Wind energy generating tower according to one of Claims 1 to 5, characterized in that the tubular elements of the lattice structure (4) are joined together by fastening elements (10) connected to the ends of the tubular elements; these fasteners (10) being at least one of welds, connecting plates, flanges, "T""U", Ί "and" H "profiles, angles, metal pipes and their compositions.

Wind power tower according to Claim 6, characterized in that the fastening elements (10) are fixed to the tubular elements by welding, screwing or riveting.

 Wind power tower according to one of Claims 6 to 7, characterized in that the fixing between the fixing elements (10) is by welding, screwing or riveting.

 Wind power tower according to one of Claims 1 to 8, characterized in that it has a cross-section with equilateral polygon geometry with N sides, where N varies from 3 to 12, having at each vertex , a column (3).

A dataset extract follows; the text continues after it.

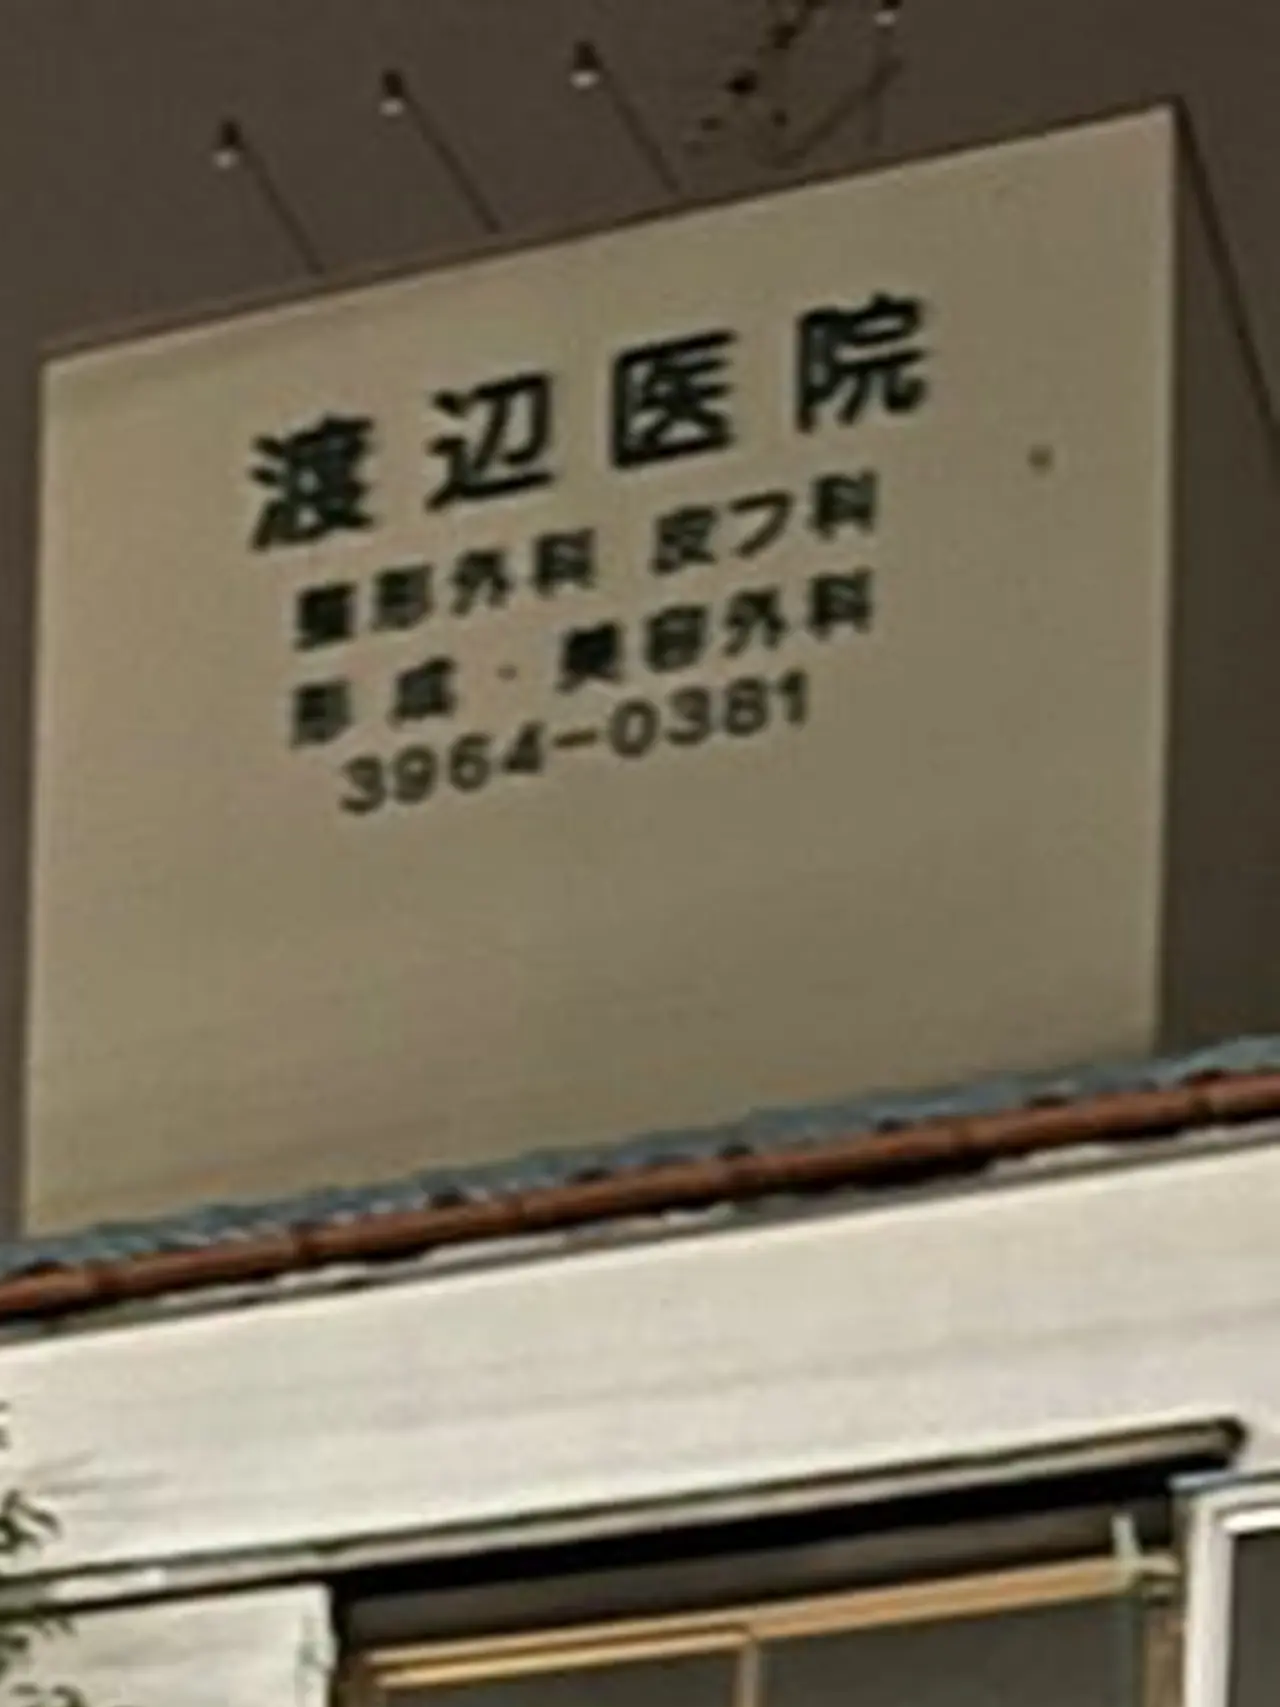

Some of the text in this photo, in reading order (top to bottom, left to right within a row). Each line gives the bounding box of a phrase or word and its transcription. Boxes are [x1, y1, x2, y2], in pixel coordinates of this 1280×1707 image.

[248, 293, 929, 551] 渡辺医院
[341, 668, 809, 815] 3964-0381
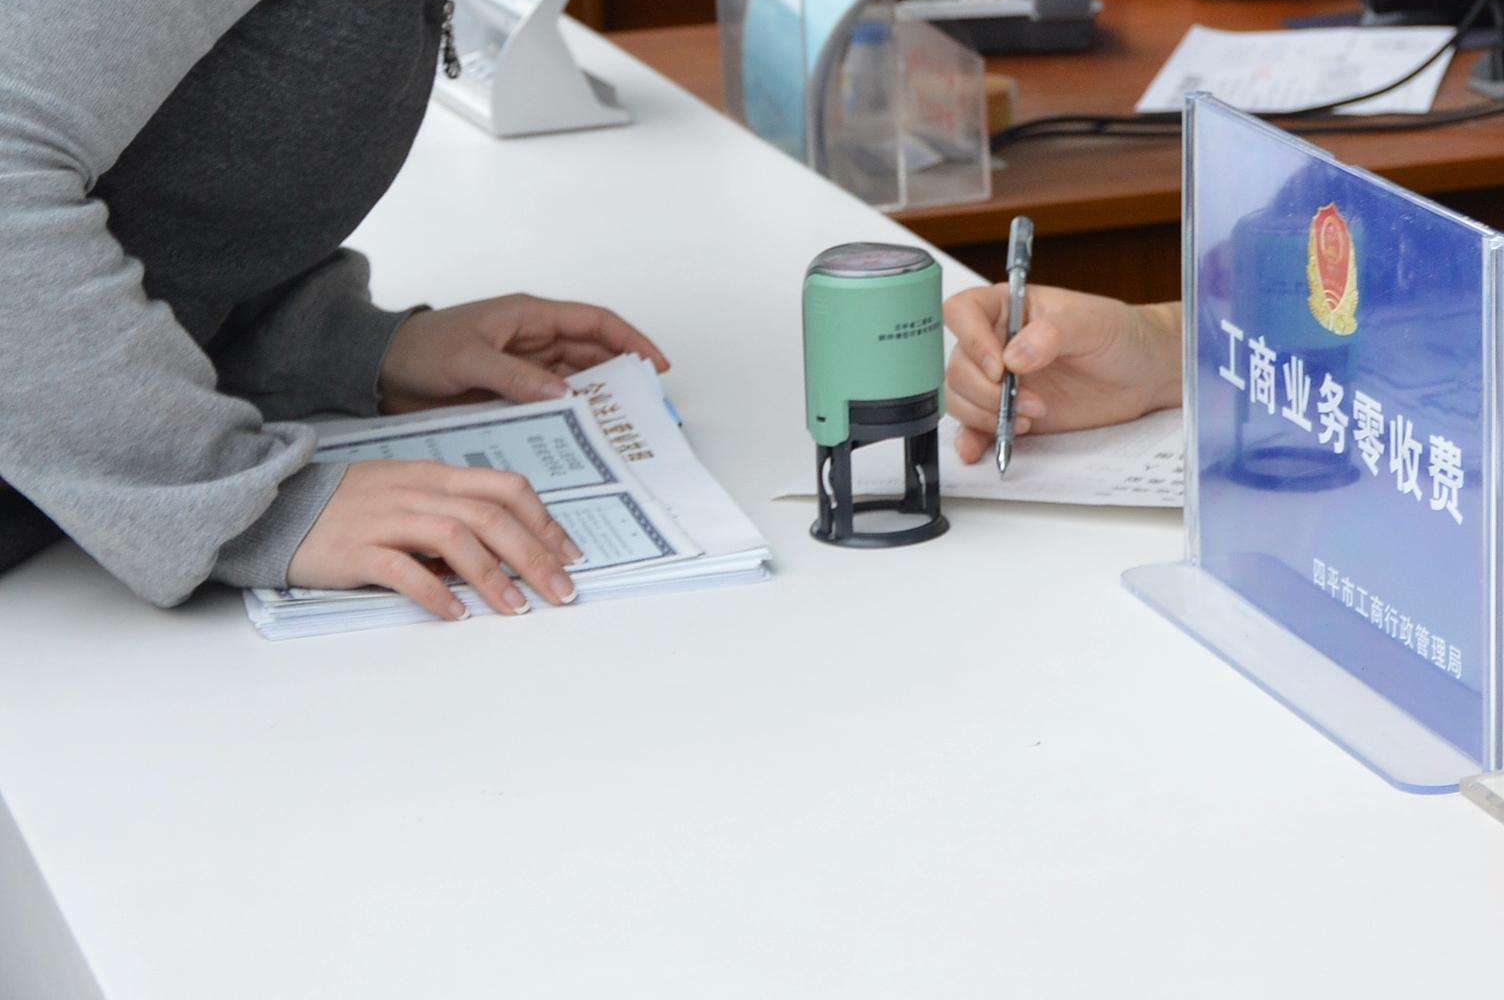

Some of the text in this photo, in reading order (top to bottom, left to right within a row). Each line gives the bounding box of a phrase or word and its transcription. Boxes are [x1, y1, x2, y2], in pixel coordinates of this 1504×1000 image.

 Wind power tower according to one of Claims 1 to 9, characterized in that at least some of the tubular elements are filled with concrete, reinforced concrete or fiber-reinforced concrete.

 Wind power tower according to one of Claims 1 to 10, characterized in that it has:

 a lower segment (14) whose columns (3) form a first inclination angle (141) with a horizontal plane,

 an upper segment (13) whose columns (3) form a second inclination angle (131) with the horizontal plane, and

 a transition segment (15) between the lower segment (14) and the upper segment (13), whose columns (3) form a transition angle (15) with the horizontal plane.

 Wind energy generation tower according to one of Claims 1 to 11, characterized in that it has stacks (17) connecting the structure to a foundation.